Referring expression grounding data:
══════

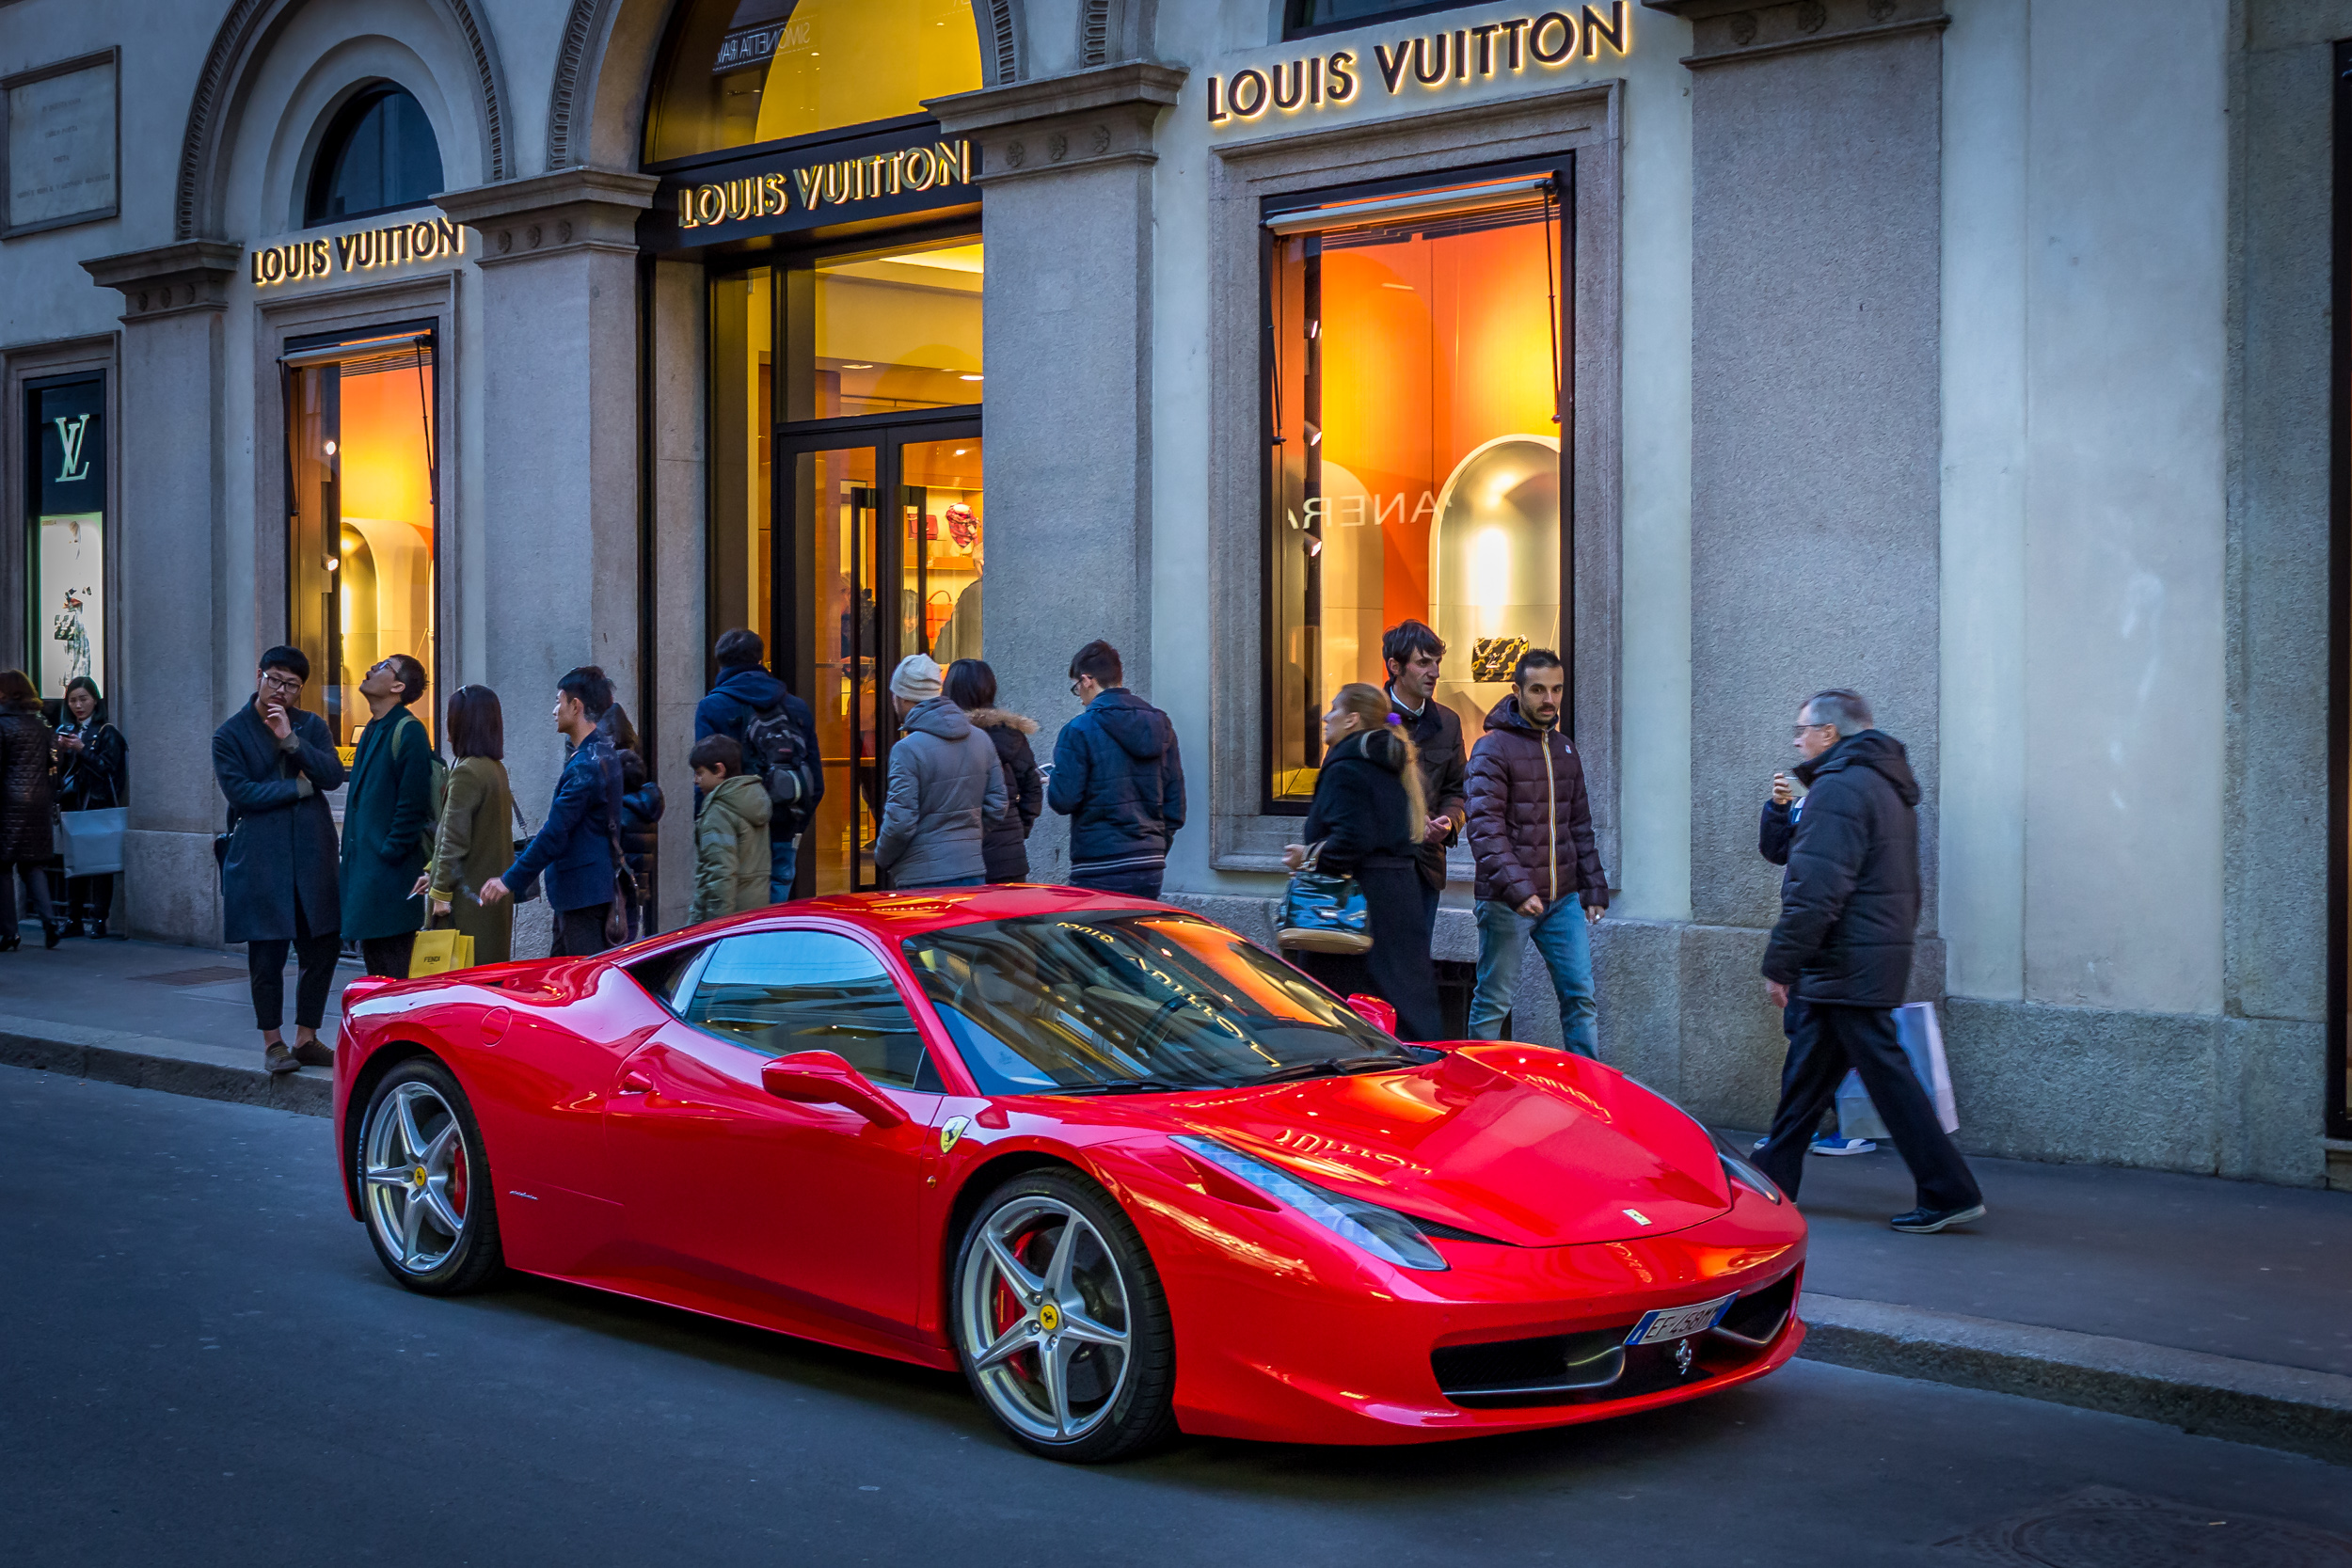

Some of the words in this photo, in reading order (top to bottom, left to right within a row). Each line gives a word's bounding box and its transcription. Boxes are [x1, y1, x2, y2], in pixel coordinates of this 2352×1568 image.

[1208, 52, 1359, 123] LOUIS
[1373, 1, 1627, 95] VUITTON
[678, 173, 788, 229] LOUIS
[793, 140, 970, 211] VUITTON
[251, 239, 331, 286] LOUIS
[335, 216, 464, 273] VUITTON
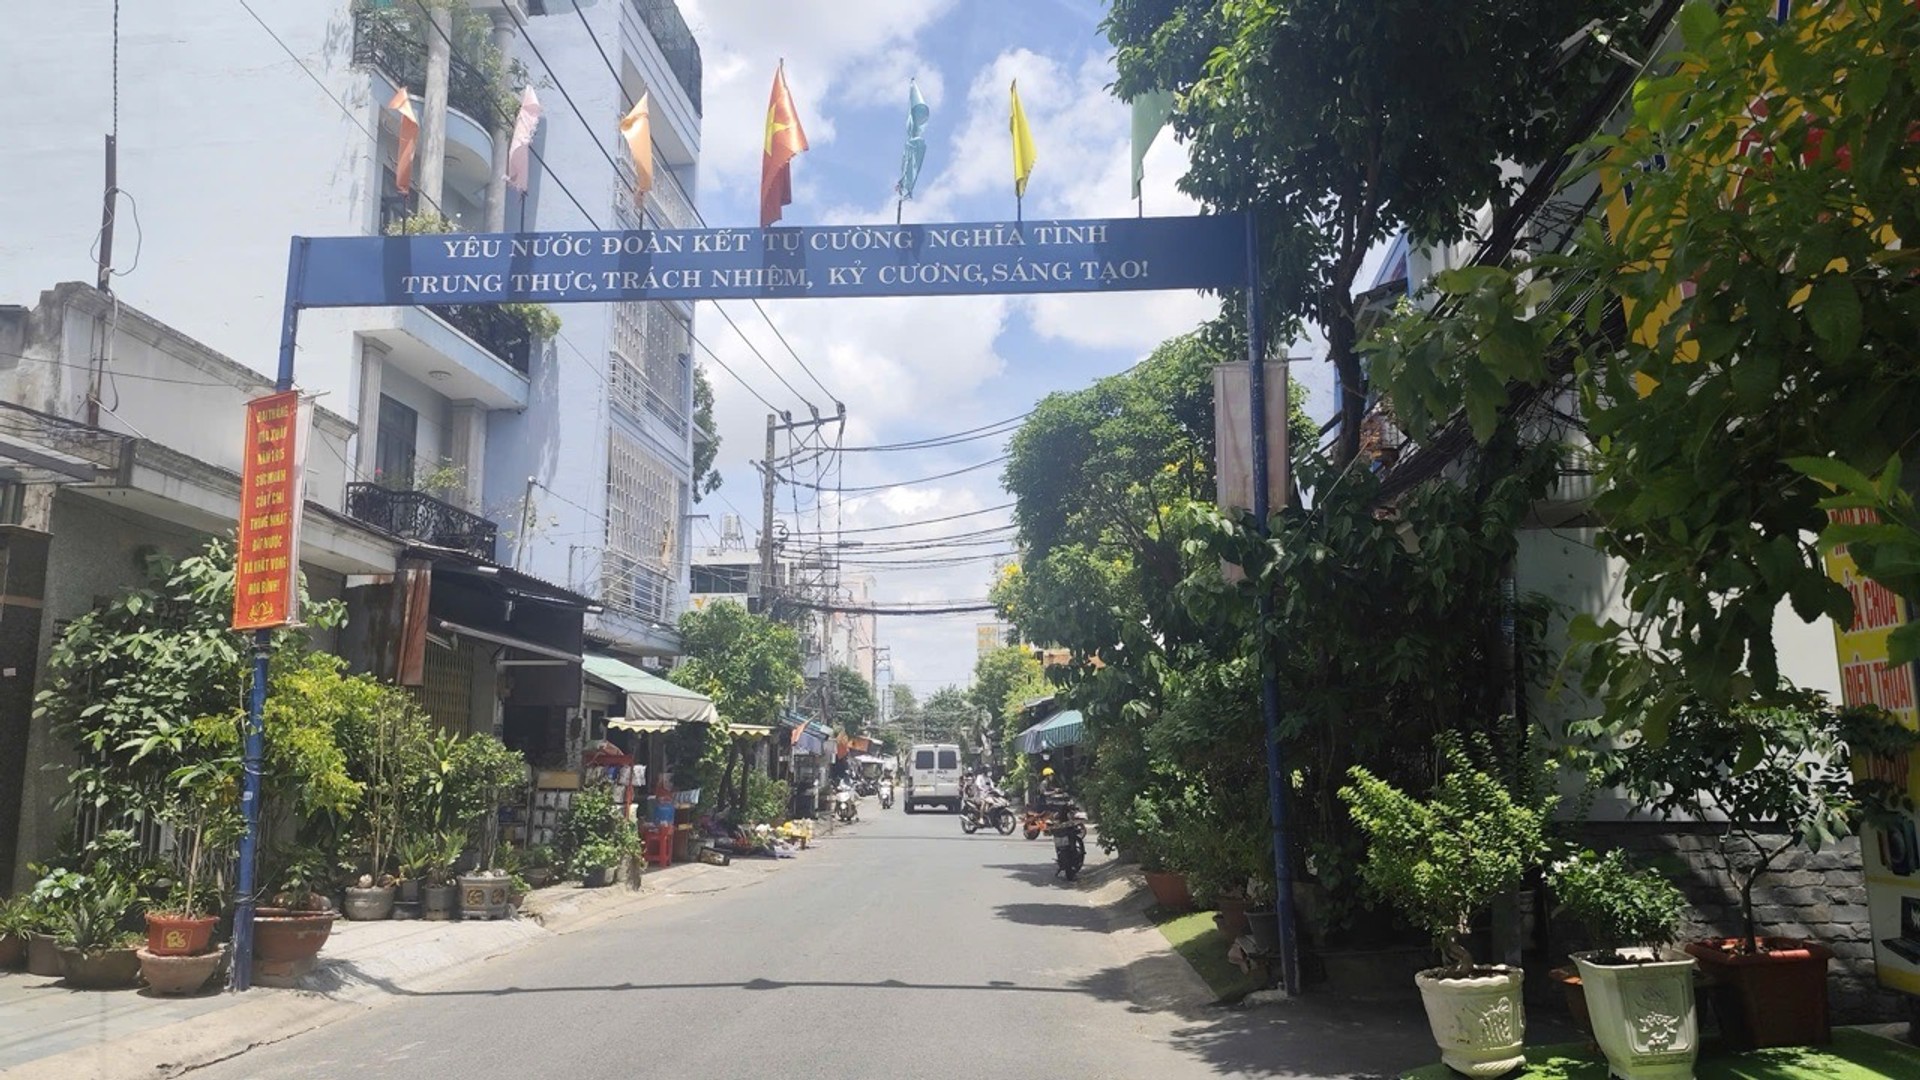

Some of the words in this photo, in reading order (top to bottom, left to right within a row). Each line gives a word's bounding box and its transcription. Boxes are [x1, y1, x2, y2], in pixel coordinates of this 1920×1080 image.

[443, 236, 502, 258] YÊU
[509, 233, 592, 258] NƯỚC
[602, 231, 683, 255] ĐOÀN
[692, 229, 752, 253] KẾT
[810, 227, 913, 251] CƯỜNG
[928, 223, 1026, 248] NGHĨA
[1034, 221, 1109, 245] TÌNH
[402, 274, 503, 295] TRUNG
[511, 271, 597, 296] THỰC,
[602, 266, 702, 290] TRÁCH
[710, 264, 813, 291] NHIỆM,
[828, 260, 869, 286] KỶ
[991, 257, 1073, 283] SÁNG
[1080, 260, 1149, 285] TẠO!

══════

Action item » Output each entry verbatim; none of the pictures should be included.

Finished exercise »
Some of the words in this photo, in reading order (top to bottom, left to right within a row). Each line gives a word's bounding box and its transcription. Boxes are [x1, y1, x2, y2], in pixel coordinates of this 2352×1568 image.

[1208, 52, 1359, 123] LOUIS
[1373, 1, 1627, 95] VUITTON
[678, 173, 788, 229] LOUIS
[793, 140, 970, 211] VUITTON
[251, 239, 331, 286] LOUIS
[335, 216, 464, 273] VUITTON

Some of the words in this photo, in reading order (top to bottom, left to right within a row). Each line gives a word's bounding box and its transcription. Boxes are [x1, y1, x2, y2], in pixel coordinates of this 1920×1080 image.

[443, 236, 502, 258] YÊU
[509, 233, 592, 258] NƯỚC
[602, 231, 683, 255] ĐOÀN
[692, 229, 752, 253] KẾT
[810, 227, 913, 251] CƯỜNG
[928, 223, 1026, 248] NGHĨA
[1034, 221, 1109, 245] TÌNH
[402, 274, 503, 295] TRUNG
[511, 271, 597, 296] THỰC,
[602, 266, 702, 290] TRÁCH
[710, 264, 813, 291] NHIỆM,
[828, 260, 869, 286] KỶ
[991, 257, 1073, 283] SÁNG
[1080, 260, 1149, 285] TẠO!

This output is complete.